● **TASK PROMPT**
Write out the data word for word and omit every picture.

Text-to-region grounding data
⁂

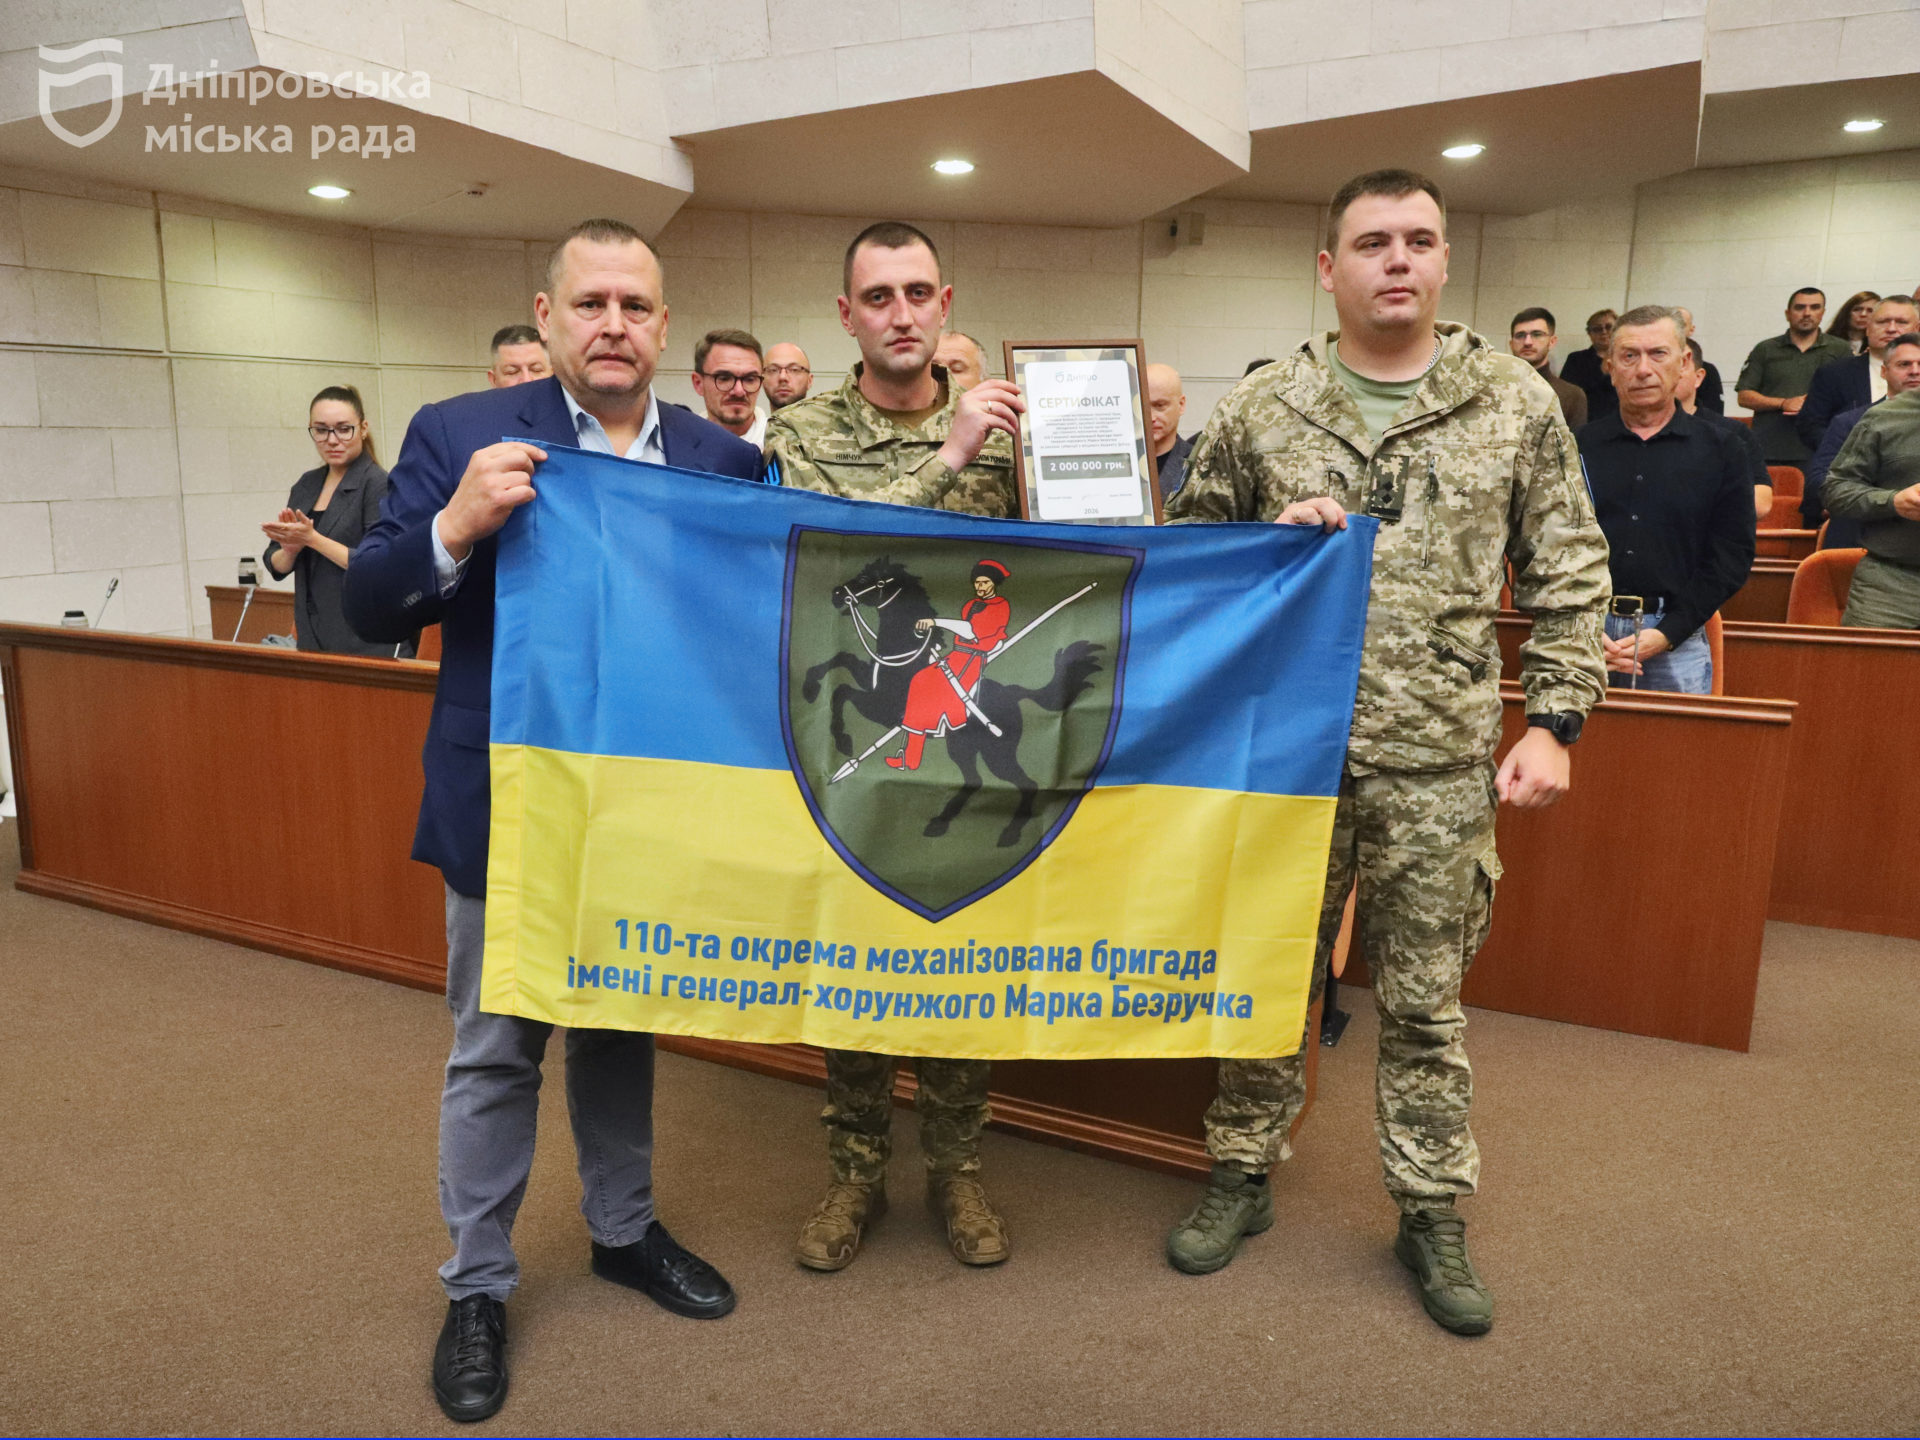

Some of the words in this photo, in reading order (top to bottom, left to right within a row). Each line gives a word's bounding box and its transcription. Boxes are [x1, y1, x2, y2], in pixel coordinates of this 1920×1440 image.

[1038, 396, 1121, 409] СЕРТИФІКАТ
[1050, 463, 1056, 472] 2
[1060, 462, 1079, 471] 000
[1082, 461, 1101, 470] 000
[1105, 461, 1125, 471] грн.
[615, 919, 720, 959] 110-та
[730, 936, 856, 970] окрема
[865, 939, 1082, 975] механізована
[1091, 939, 1217, 980] бригада
[567, 956, 652, 994] імені
[661, 973, 996, 1021] генерал-хорунжого
[1004, 984, 1102, 1025] Марка
[1111, 985, 1254, 1023] Безручка
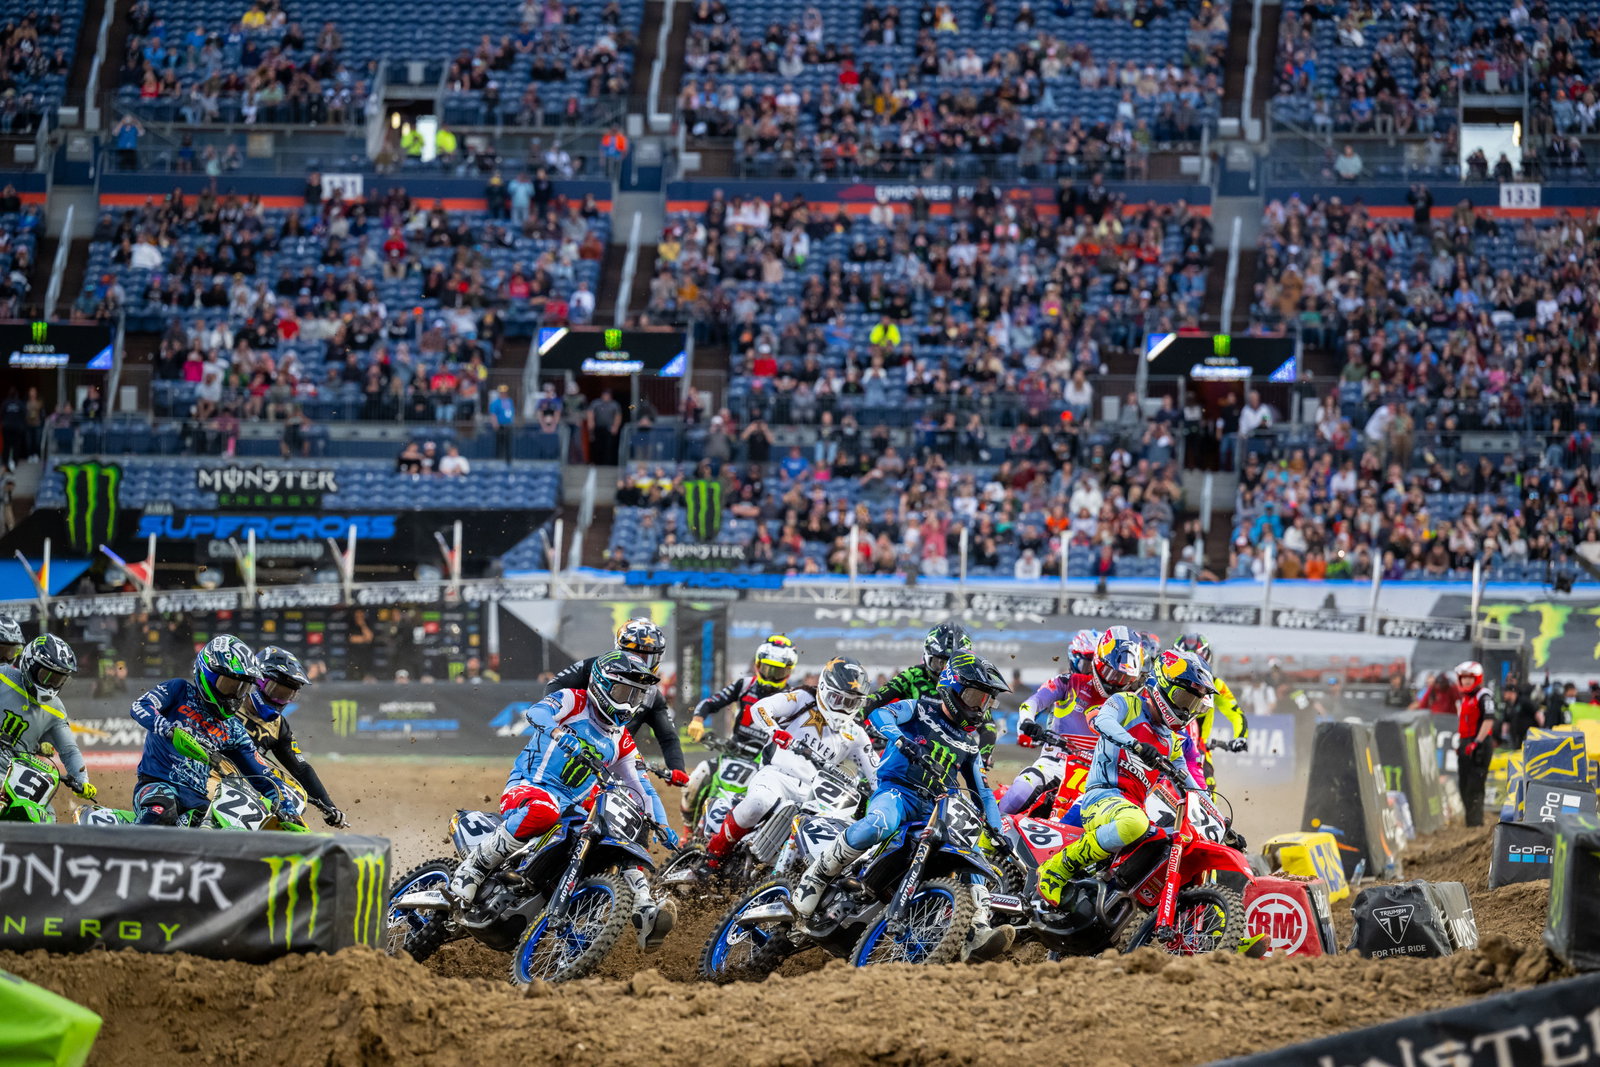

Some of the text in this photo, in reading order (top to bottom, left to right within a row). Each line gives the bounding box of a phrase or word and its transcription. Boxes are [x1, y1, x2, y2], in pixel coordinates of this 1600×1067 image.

[1504, 189, 1537, 203] 133
[198, 467, 338, 493] MONSTER
[219, 495, 317, 507] ENERGY
[137, 515, 398, 539] SUPERCROSS
[802, 733, 837, 761] SEVEN
[14, 769, 50, 805] 9
[720, 762, 754, 785] 81
[1118, 758, 1152, 791] HONDA
[216, 789, 263, 831] 22
[462, 812, 496, 838] 3
[559, 867, 577, 903] DUNLOP
[899, 870, 918, 907] DUNLOP
[1163, 882, 1174, 917] DUNLOP
[1379, 907, 1407, 918] TRIUMPH
[3, 914, 181, 942] NERGY
[1255, 912, 1296, 940] RM
[1371, 943, 1427, 959] FOR THE RIDE

⁂

● **TASK OUTPUT**
Some of the words in this photo, in reading order (top to bottom, left to right within a row). Each line gives a word's bounding box and its transcription. Boxes are [x1, y1, x2, y2], in pixel coordinates of this 1920×1440 image.

[1038, 396, 1121, 409] СЕРТИФІКАТ
[1050, 463, 1056, 472] 2
[1060, 462, 1079, 471] 000
[1082, 461, 1101, 470] 000
[1105, 461, 1125, 471] грн.
[615, 919, 720, 959] 110-та
[730, 936, 856, 970] окрема
[865, 939, 1082, 975] механізована
[1091, 939, 1217, 980] бригада
[567, 956, 652, 994] імені
[661, 973, 996, 1021] генерал-хорунжого
[1004, 984, 1102, 1025] Марка
[1111, 985, 1254, 1023] Безручка

Some of the text in this photo, in reading order (top to bottom, left to right within a row). Each line gives the bounding box of a phrase or word and its transcription. Boxes are [x1, y1, x2, y2], in pixel coordinates of this 1600×1067 image.

[1504, 189, 1537, 203] 133
[198, 467, 338, 493] MONSTER
[219, 495, 317, 507] ENERGY
[137, 515, 398, 539] SUPERCROSS
[802, 733, 837, 761] SEVEN
[14, 769, 50, 805] 9
[720, 762, 754, 785] 81
[1118, 758, 1152, 791] HONDA
[216, 789, 263, 831] 22
[462, 812, 496, 838] 3
[559, 867, 577, 903] DUNLOP
[899, 870, 918, 907] DUNLOP
[1163, 882, 1174, 917] DUNLOP
[1379, 907, 1407, 918] TRIUMPH
[3, 914, 181, 942] NERGY
[1255, 912, 1296, 940] RM
[1371, 943, 1427, 959] FOR THE RIDE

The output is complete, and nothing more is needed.